WHAT THE TASK REQUIRES >>
Make a verbatim copy of the entries below; pictures stay out.

RECORDS TO USE >>
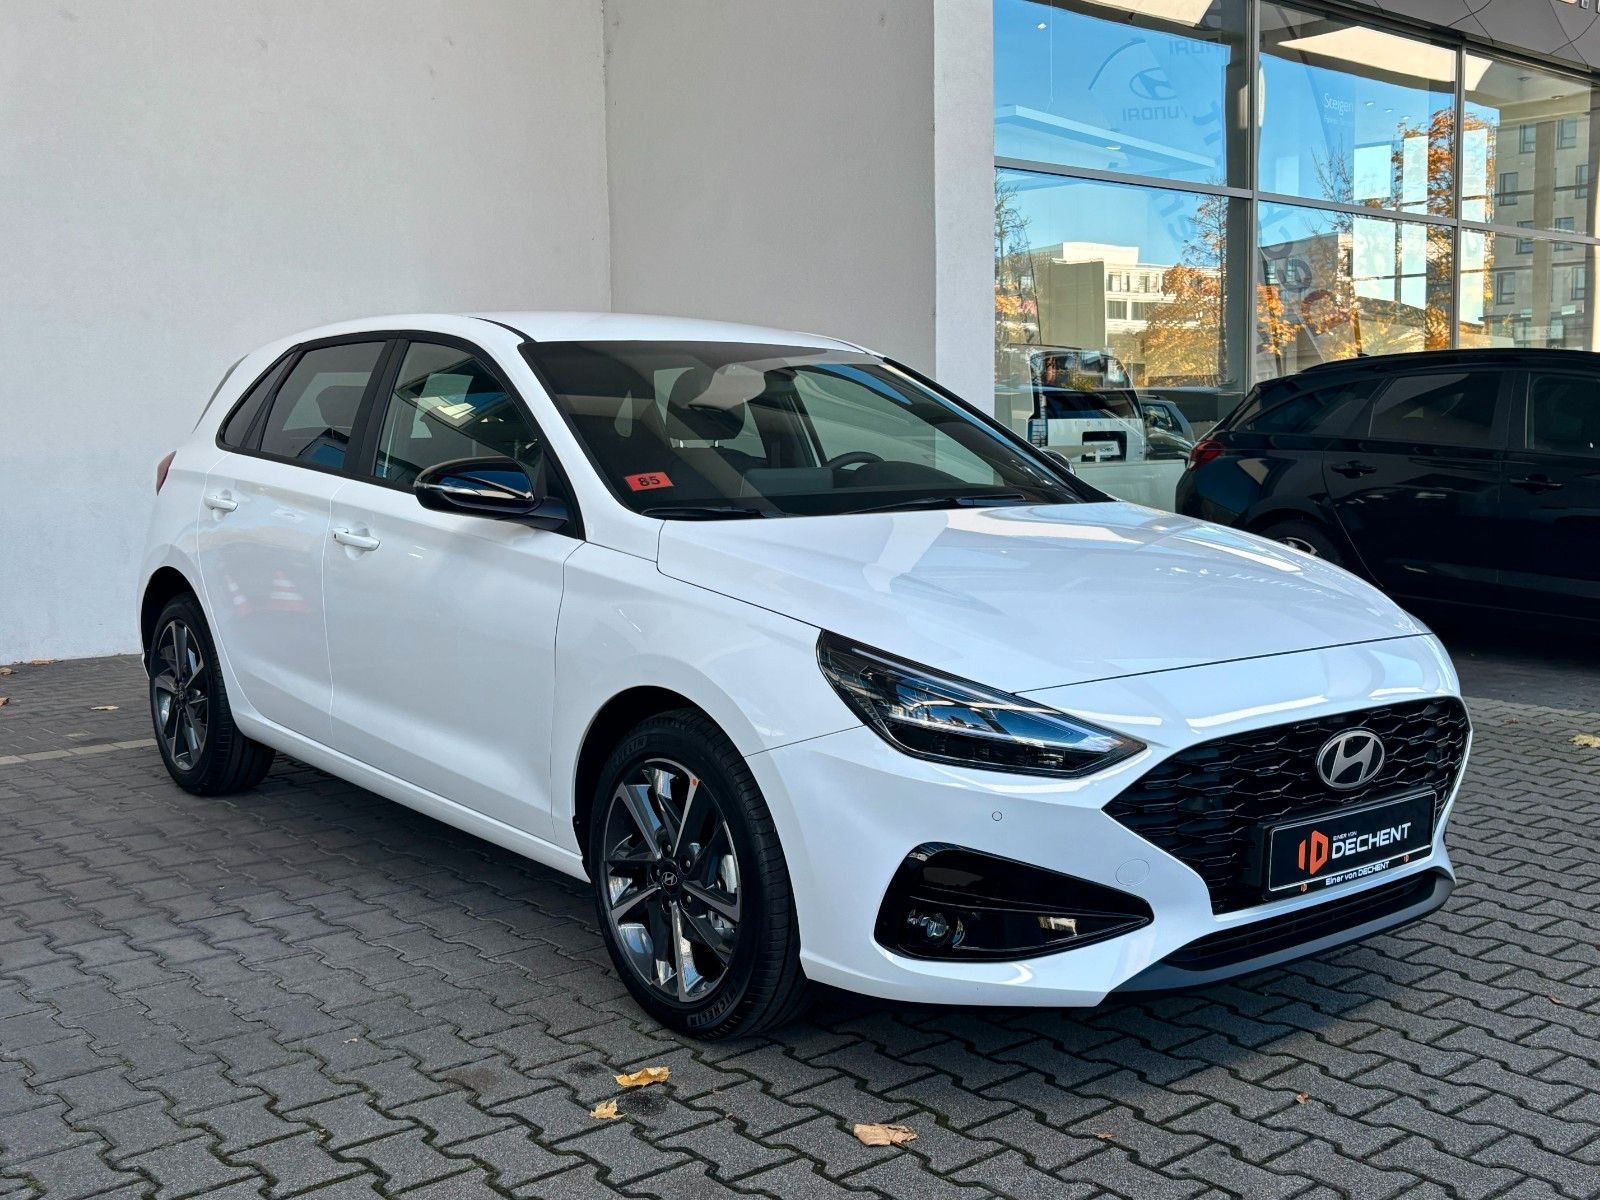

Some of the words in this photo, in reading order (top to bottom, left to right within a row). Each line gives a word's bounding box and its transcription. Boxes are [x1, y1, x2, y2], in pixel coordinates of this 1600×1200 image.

[638, 475, 661, 486] 85
[1332, 822, 1411, 859] DECHENT
[1325, 874, 1344, 885] Einer
[1344, 871, 1358, 880] von
[1358, 861, 1390, 876] DECHENT

EXERCISE ANSWER >>
Some of the words in this photo, in reading order (top to bottom, left to right within a row). Each line gives a word's bounding box and its transcription. Boxes are [x1, y1, x2, y2], in pixel coordinates of this 1600×1200 image.

[638, 475, 661, 486] 85
[1332, 822, 1411, 859] DECHENT
[1325, 874, 1344, 885] Einer
[1344, 871, 1358, 880] von
[1358, 861, 1390, 876] DECHENT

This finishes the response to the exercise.